Your instructions ::
Set down the records once more, please, exactly and with the pictures left out.

Collected data
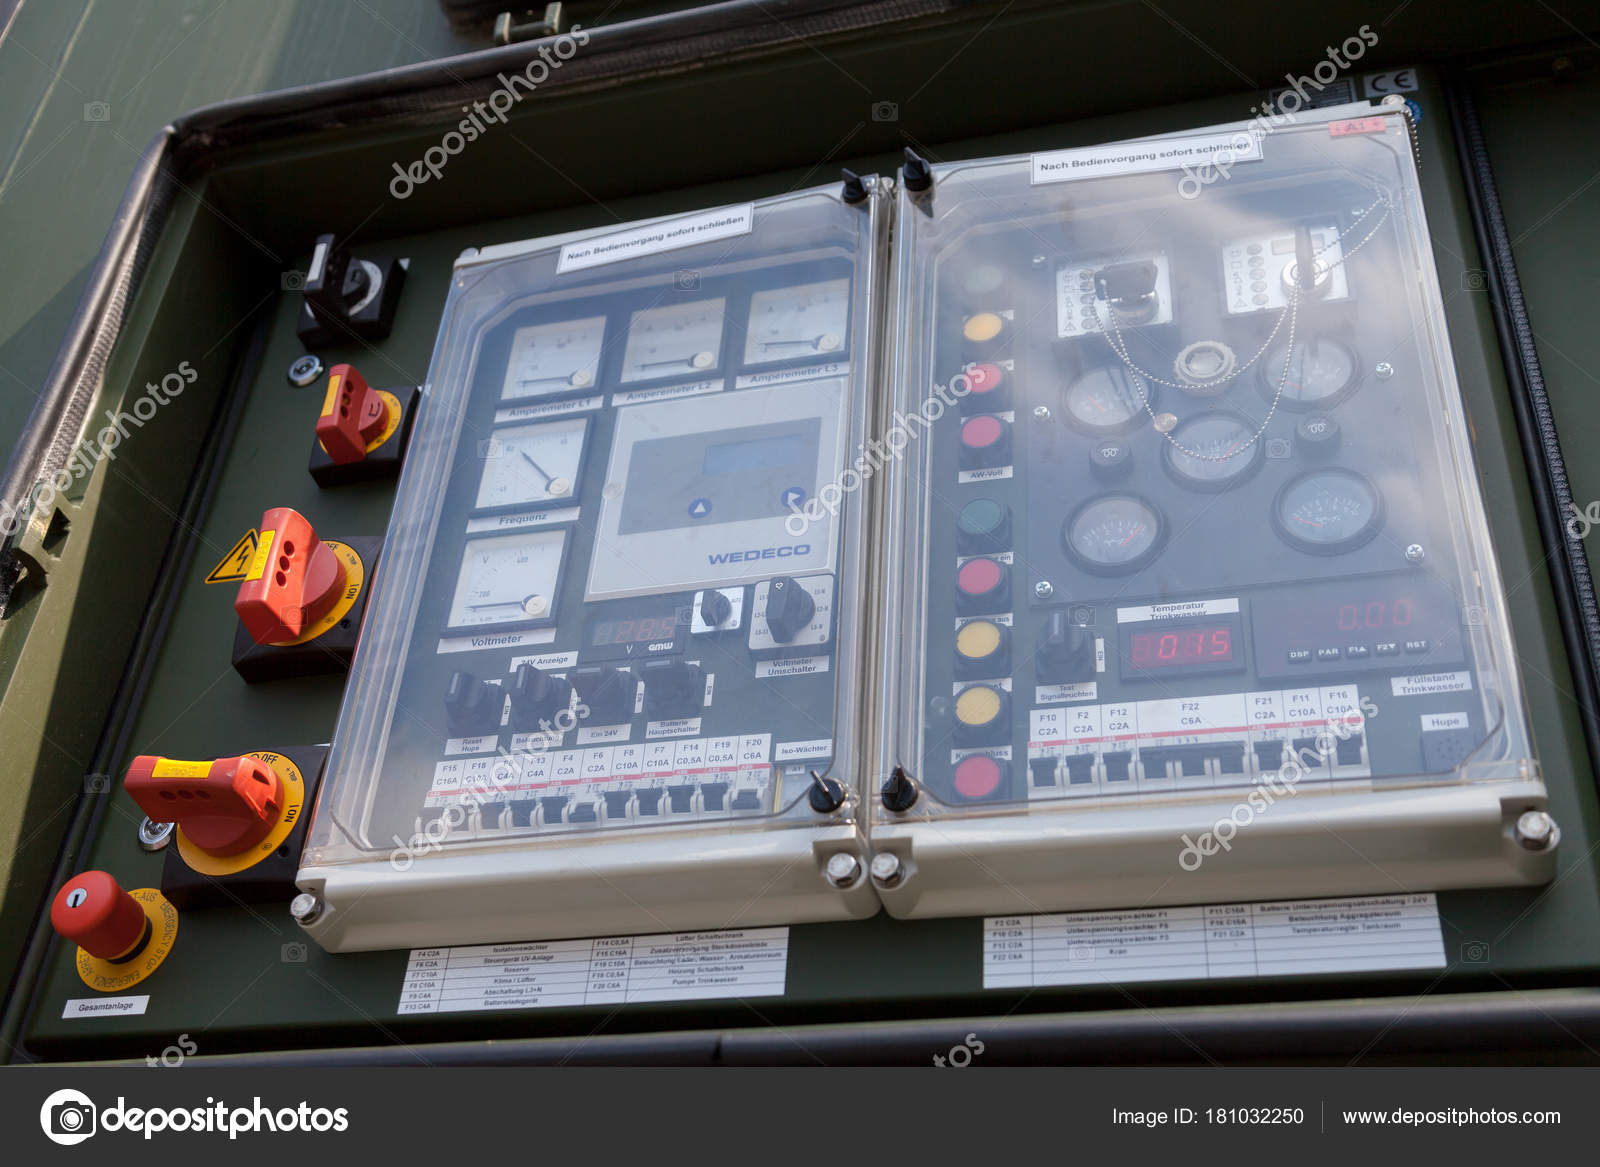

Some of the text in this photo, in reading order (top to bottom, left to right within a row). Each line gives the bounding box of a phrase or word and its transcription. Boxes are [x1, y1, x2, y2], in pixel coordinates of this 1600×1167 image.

[1371, 71, 1412, 92] CE
[1040, 161, 1069, 171] Nach
[1072, 152, 1156, 168] Bedienvorgang
[1159, 148, 1193, 158] sofort
[567, 215, 744, 260] Nach Bedienvorgang sofort schließen
[750, 367, 822, 383] Amperemeter
[627, 384, 696, 401] Amperemeter
[509, 402, 576, 417] Amperemeter
[499, 513, 548, 526] Frequenz
[708, 544, 811, 565] WEDECO
[1151, 602, 1206, 613] Temperatur
[471, 635, 523, 647] Voltmeter
[537, 656, 568, 666] Anzeige
[773, 657, 813, 668] Voltmeter
[768, 664, 817, 676] Umschalter
[1401, 682, 1465, 694] Trinkwasser
[1255, 697, 1273, 705] F21
[1292, 694, 1310, 703] F11
[1181, 702, 1200, 711] F22
[1077, 711, 1089, 719] F2
[1110, 708, 1128, 717] F12
[1254, 711, 1276, 720] C2A
[1289, 708, 1317, 717] C10A
[1039, 714, 1057, 722] F10
[1431, 717, 1460, 727] Hupe
[648, 726, 700, 736] Hauptschalter
[1073, 725, 1094, 734] C2A
[1109, 722, 1130, 731] C2A
[604, 729, 618, 737] 24V
[1038, 728, 1058, 736] C2A
[745, 738, 762, 747] F20
[654, 746, 665, 754] F7
[683, 743, 699, 752] F14
[781, 744, 828, 756] Iso-Wächter
[562, 753, 574, 762] F4
[743, 751, 762, 760] C6A
[615, 760, 639, 770] C10A
[646, 758, 669, 768] C10A
[557, 767, 575, 776] C2A
[587, 764, 605, 773] C2A
[527, 769, 545, 778] C4A
[78, 1002, 134, 1012] Gesamtanlage

Problem solution ::
Some of the text in this photo, in reading order (top to bottom, left to right within a row). Each line gives the bounding box of a phrase or word and its transcription. Boxes are [x1, y1, x2, y2], in pixel coordinates of this 1600×1167 image.

[1371, 71, 1412, 92] CE
[1040, 161, 1069, 171] Nach
[1072, 152, 1156, 168] Bedienvorgang
[1159, 148, 1193, 158] sofort
[567, 215, 744, 260] Nach Bedienvorgang sofort schließen
[750, 367, 822, 383] Amperemeter
[627, 384, 696, 401] Amperemeter
[509, 402, 576, 417] Amperemeter
[499, 513, 548, 526] Frequenz
[708, 544, 811, 565] WEDECO
[1151, 602, 1206, 613] Temperatur
[471, 635, 523, 647] Voltmeter
[537, 656, 568, 666] Anzeige
[773, 657, 813, 668] Voltmeter
[768, 664, 817, 676] Umschalter
[1401, 682, 1465, 694] Trinkwasser
[1255, 697, 1273, 705] F21
[1292, 694, 1310, 703] F11
[1181, 702, 1200, 711] F22
[1077, 711, 1089, 719] F2
[1110, 708, 1128, 717] F12
[1254, 711, 1276, 720] C2A
[1289, 708, 1317, 717] C10A
[1039, 714, 1057, 722] F10
[1431, 717, 1460, 727] Hupe
[648, 726, 700, 736] Hauptschalter
[1073, 725, 1094, 734] C2A
[1109, 722, 1130, 731] C2A
[604, 729, 618, 737] 24V
[1038, 728, 1058, 736] C2A
[745, 738, 762, 747] F20
[654, 746, 665, 754] F7
[683, 743, 699, 752] F14
[781, 744, 828, 756] Iso-Wächter
[562, 753, 574, 762] F4
[743, 751, 762, 760] C6A
[615, 760, 639, 770] C10A
[646, 758, 669, 768] C10A
[557, 767, 575, 776] C2A
[587, 764, 605, 773] C2A
[527, 769, 545, 778] C4A
[78, 1002, 134, 1012] Gesamtanlage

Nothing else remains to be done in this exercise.